HOW TO COMPLETE THIS TASK: Would you return the data exactly as given, except for its pictures?

# # #

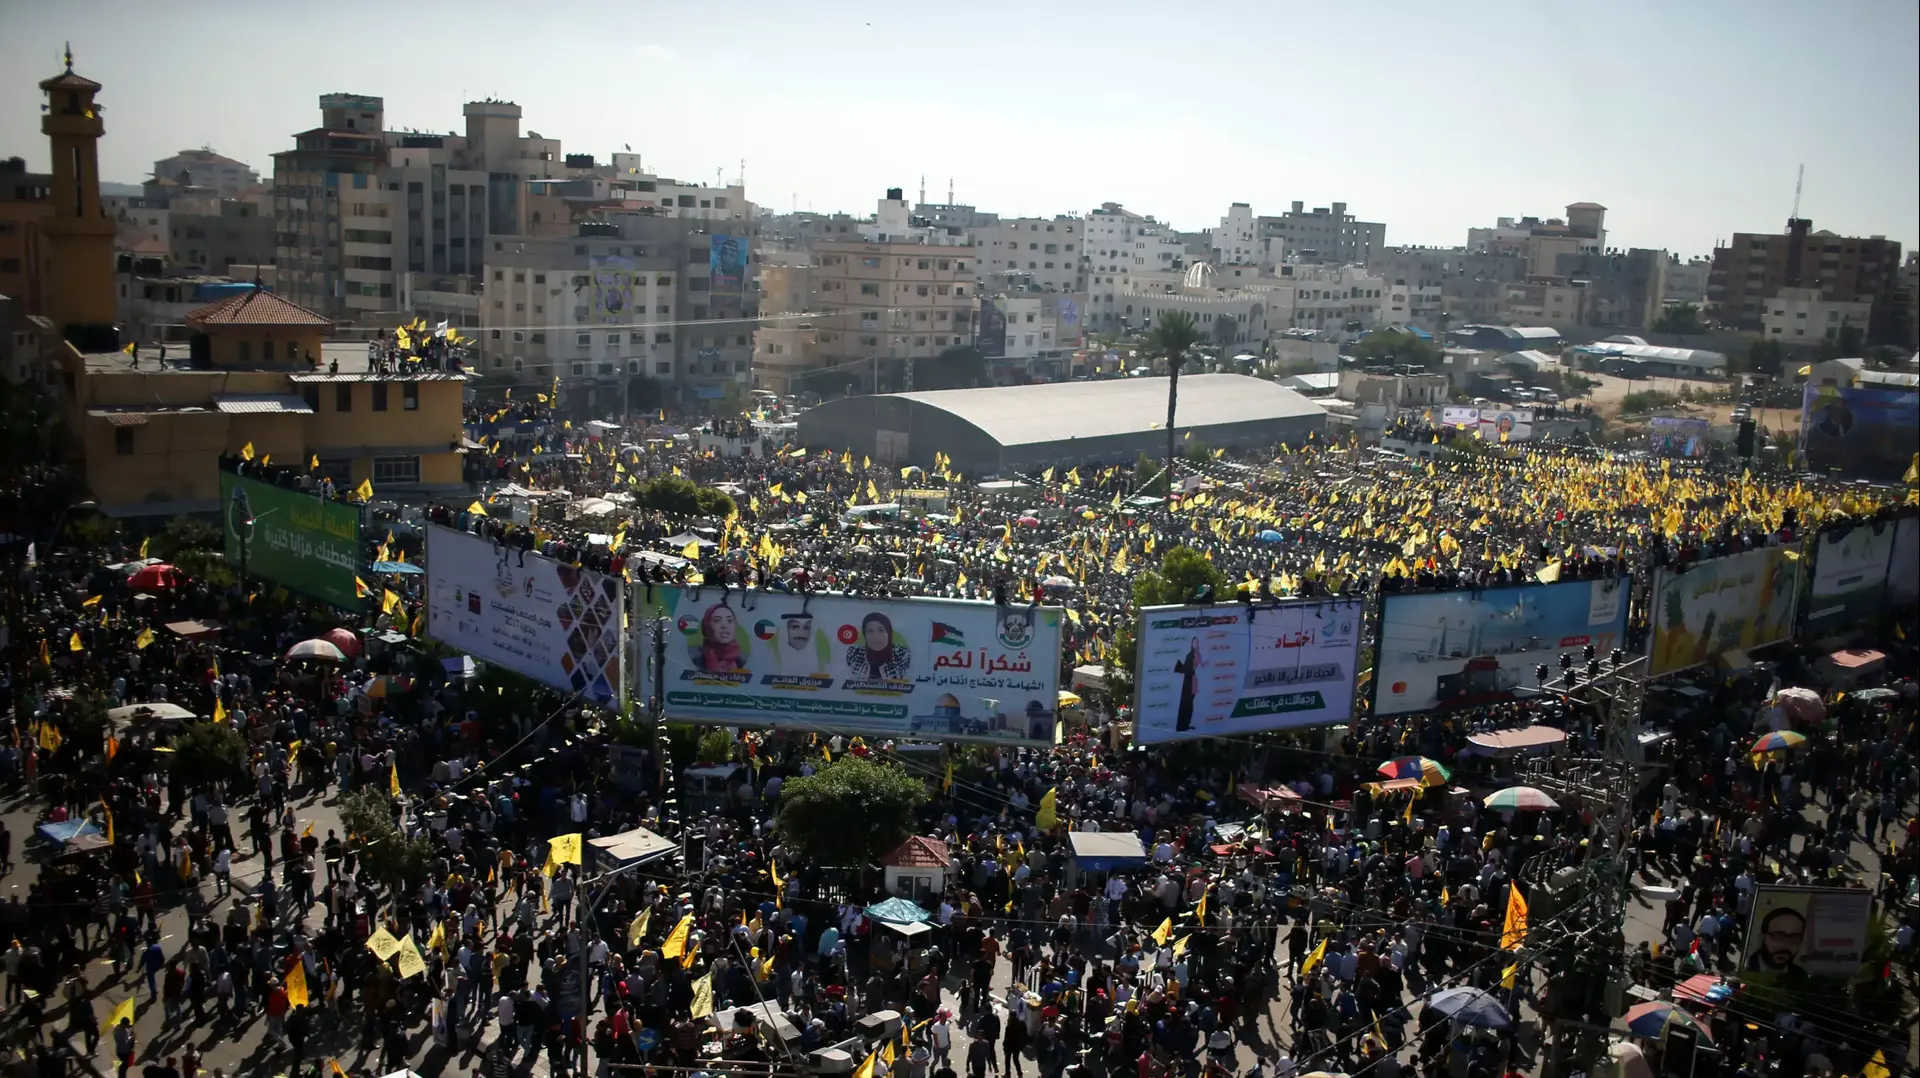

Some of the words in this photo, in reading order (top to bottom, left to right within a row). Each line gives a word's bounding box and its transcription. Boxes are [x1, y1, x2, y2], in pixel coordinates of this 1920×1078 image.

[290, 531, 312, 559] مزايا
[933, 650, 972, 671] لكم
[799, 679, 823, 687] مرزوق
[937, 675, 948, 687] من
[969, 677, 997, 688] تحتاج
[999, 678, 1005, 688] لا
[1007, 678, 1045, 690] الشهامة
[1245, 697, 1271, 710] عفتك
[1271, 696, 1284, 712] في
[1285, 693, 1316, 706] وجمالك

# # #

REPLY TO THE EXERCISE:
Some of the words in this photo, in reading order (top to bottom, left to right within a row). Each line gives a word's bounding box and its transcription. Boxes are [x1, y1, x2, y2], in pixel coordinates of this 1920×1078 image.

[290, 531, 312, 559] مزايا
[933, 650, 972, 671] لكم
[799, 679, 823, 687] مرزوق
[937, 675, 948, 687] من
[969, 677, 997, 688] تحتاج
[999, 678, 1005, 688] لا
[1007, 678, 1045, 690] الشهامة
[1245, 697, 1271, 710] عفتك
[1271, 696, 1284, 712] في
[1285, 693, 1316, 706] وجمالك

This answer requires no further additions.